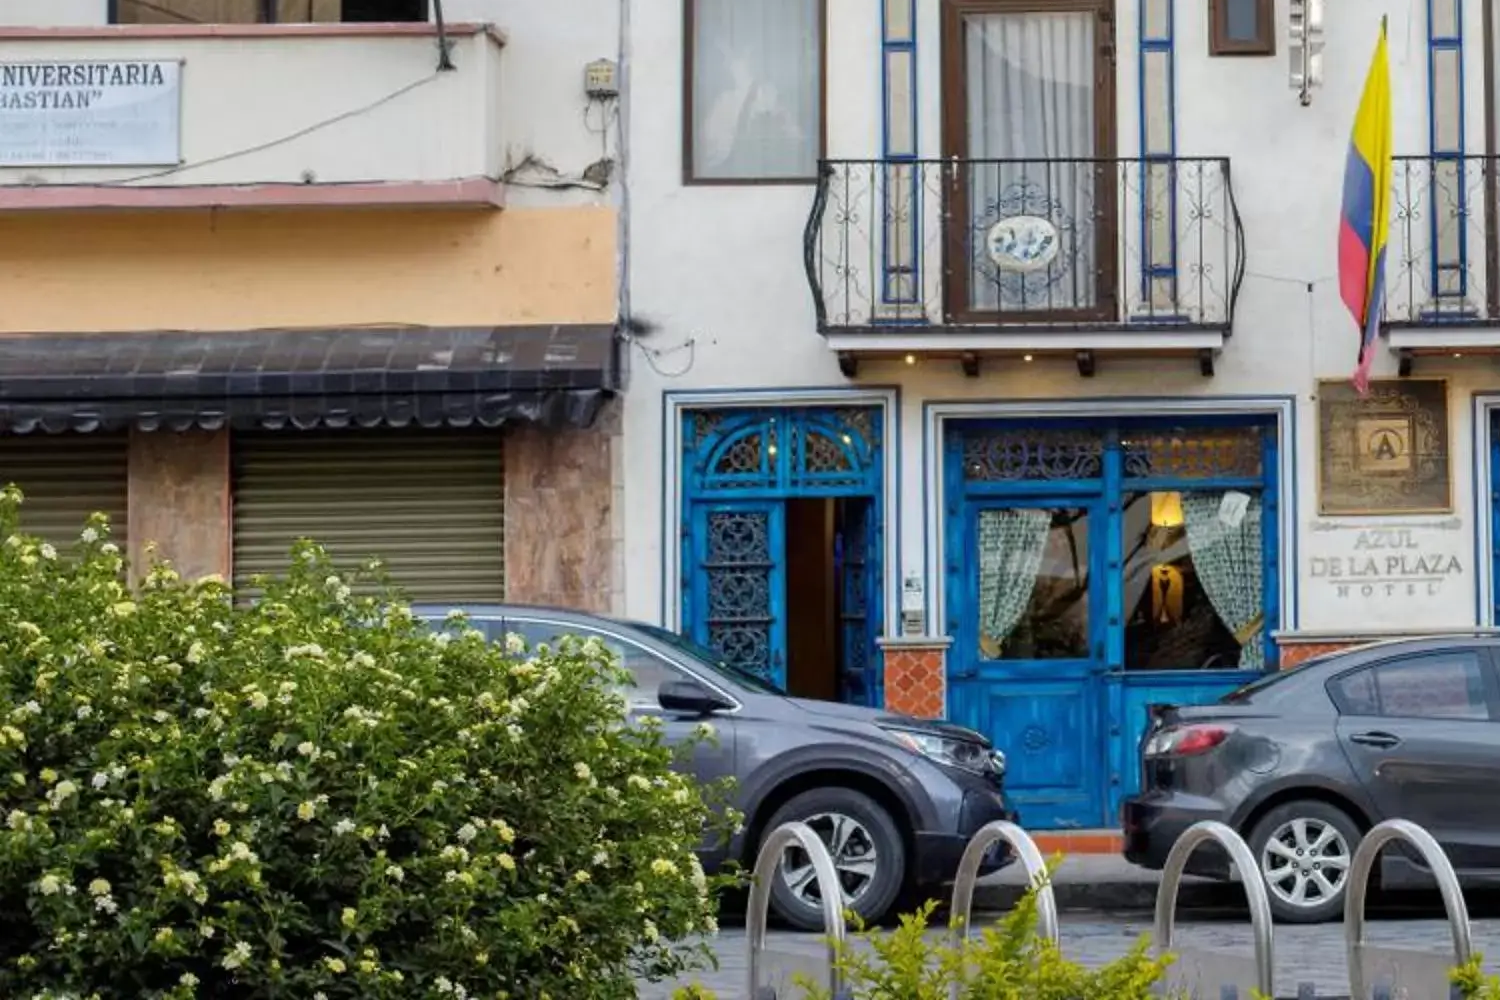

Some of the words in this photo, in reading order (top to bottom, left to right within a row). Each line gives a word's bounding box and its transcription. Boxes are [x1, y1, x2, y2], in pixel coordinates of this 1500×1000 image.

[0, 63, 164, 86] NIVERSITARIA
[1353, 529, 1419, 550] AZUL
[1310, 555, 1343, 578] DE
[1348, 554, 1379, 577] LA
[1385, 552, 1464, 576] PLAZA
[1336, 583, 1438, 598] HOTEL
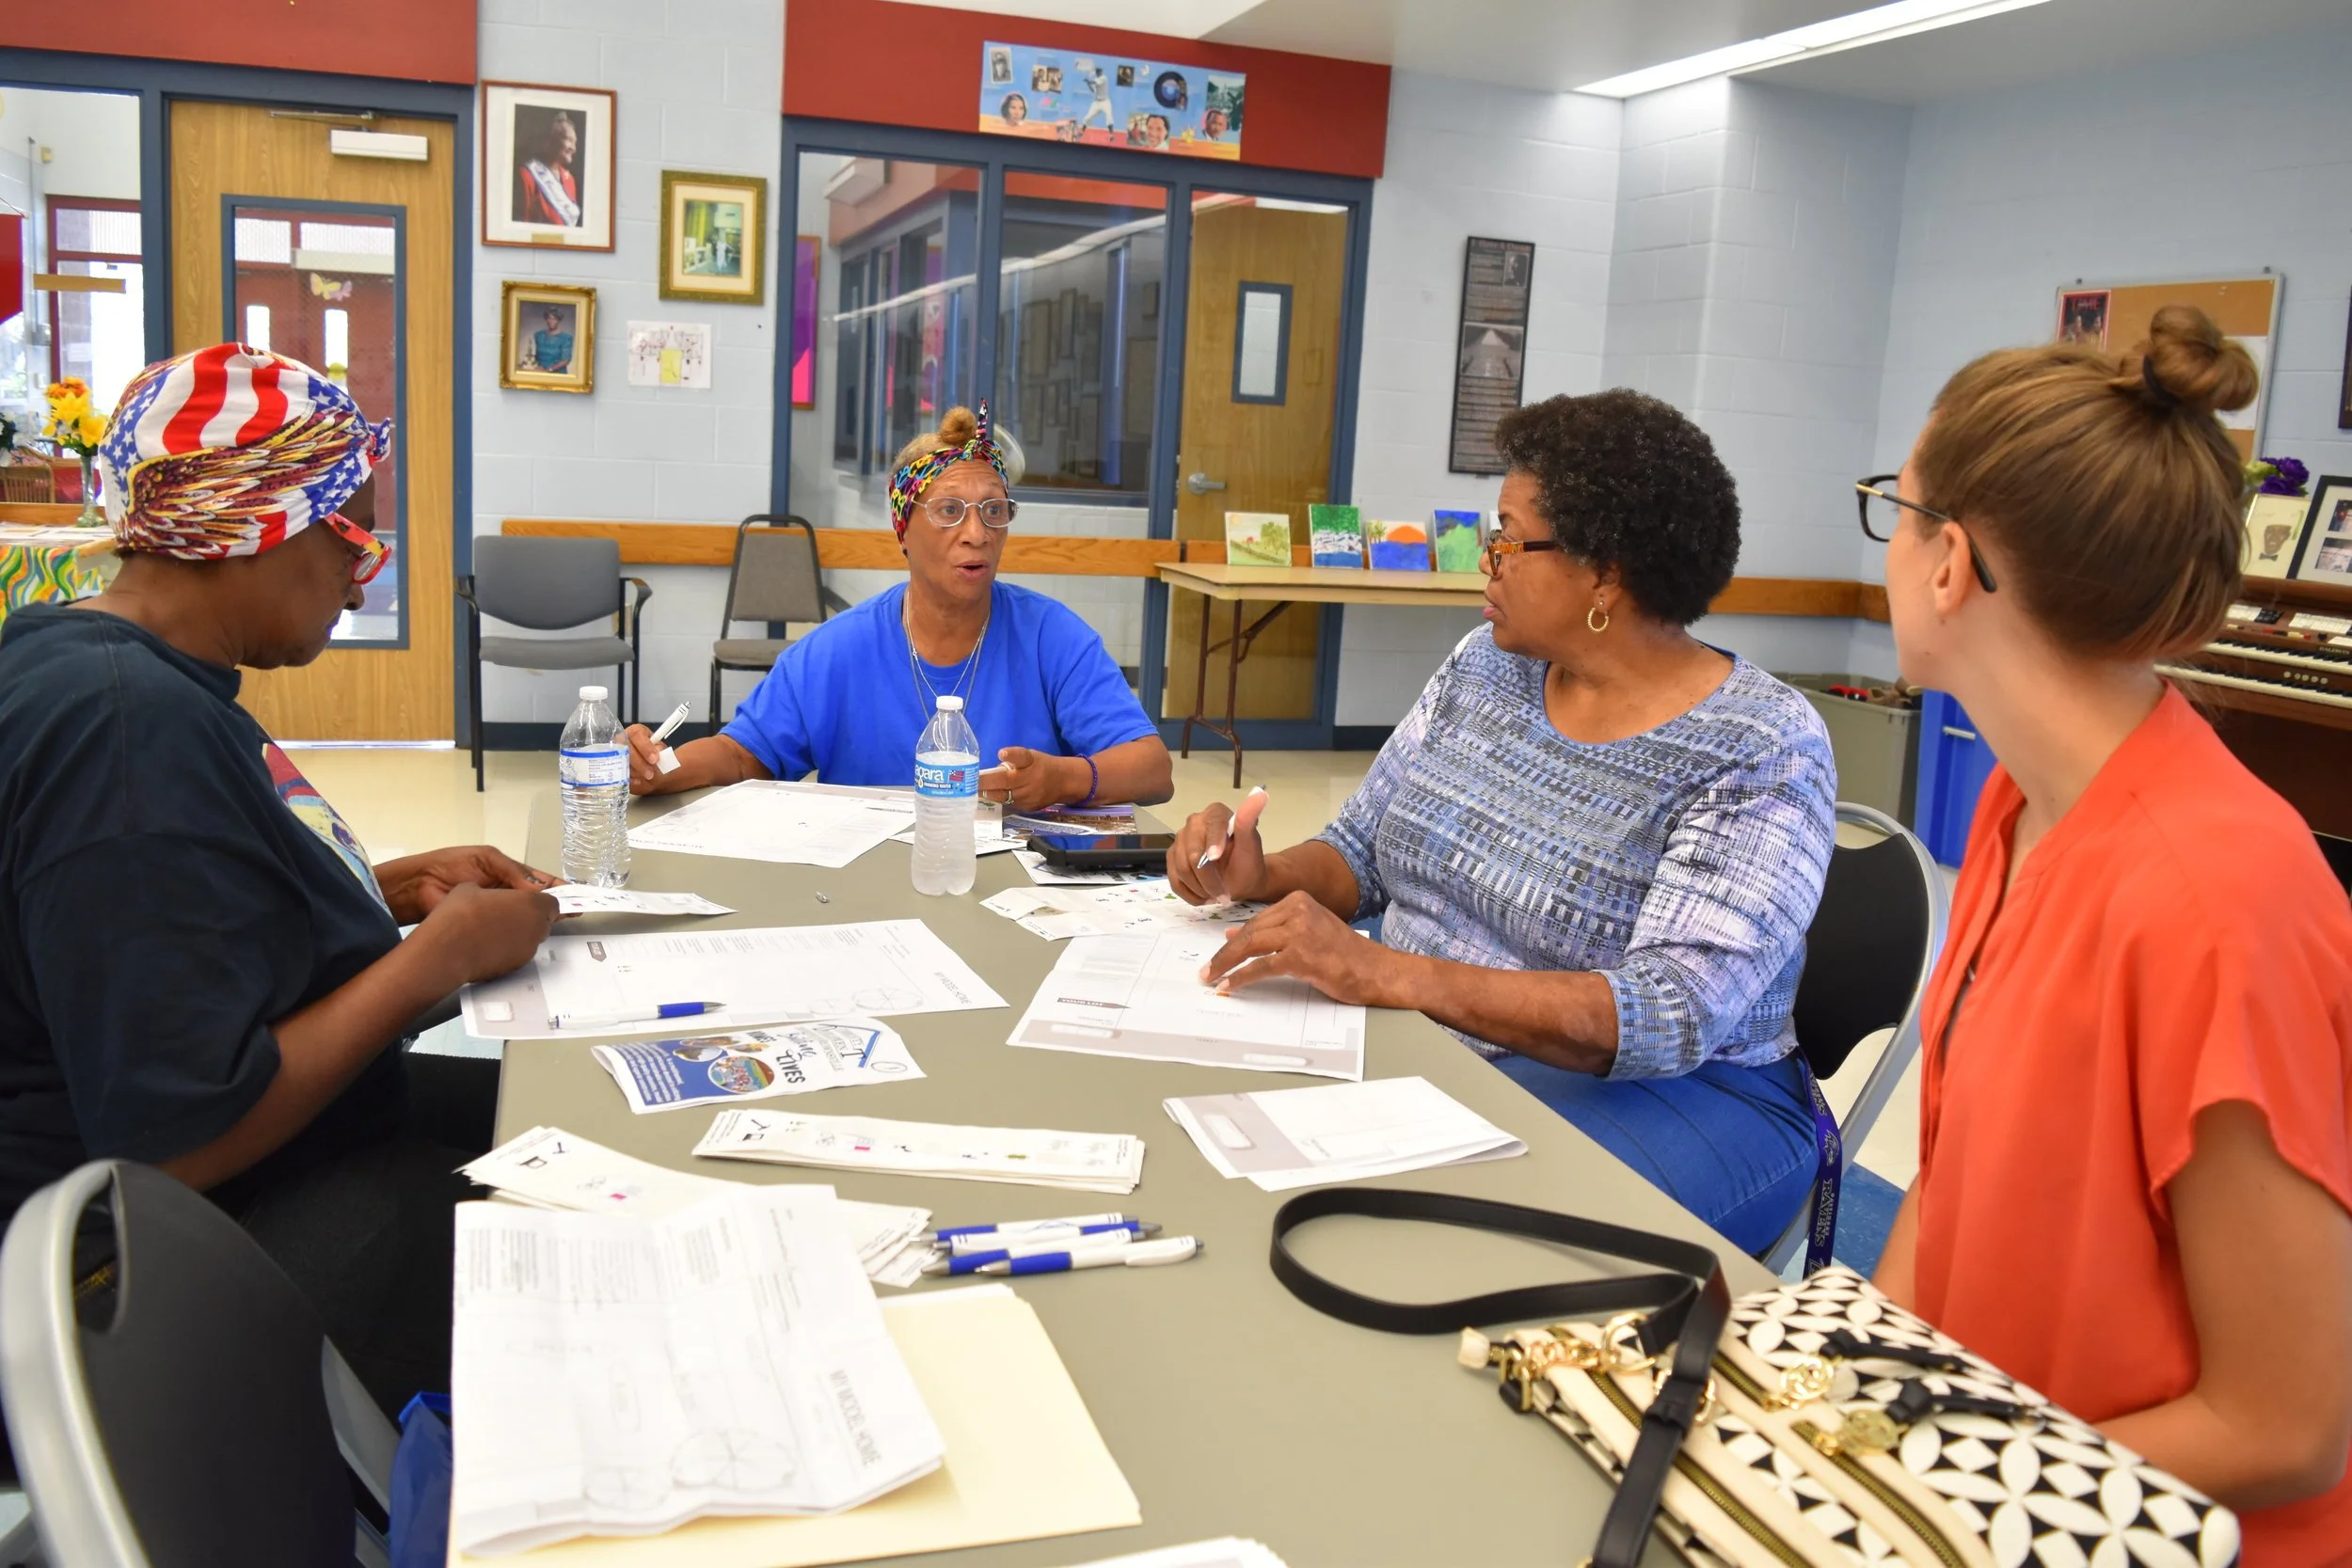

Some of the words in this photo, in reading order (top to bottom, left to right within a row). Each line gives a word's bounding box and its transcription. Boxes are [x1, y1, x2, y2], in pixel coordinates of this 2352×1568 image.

========

## WHAT THE EXERCISE ASKS
Write the entries above out in full, exactly, with no images.

## SOLUTION TO THE PROBLEM
Some of the words in this photo, in reading order (top to bottom, left to right within a row). Each line gives a word's bounding box and its transcription. Boxes are [x1, y1, x2, y2], in pixel coordinates of this 1500×1000 image.

[0, 63, 164, 86] NIVERSITARIA
[1353, 529, 1419, 550] AZUL
[1310, 555, 1343, 578] DE
[1348, 554, 1379, 577] LA
[1385, 552, 1464, 576] PLAZA
[1336, 583, 1438, 598] HOTEL

Some of the words in this photo, in reading order (top to bottom, left to right within a row). Each line gives a word's bounding box and its transcription. Boxes are [x1, y1, x2, y2], in pixel coordinates of this 2352×1568 image.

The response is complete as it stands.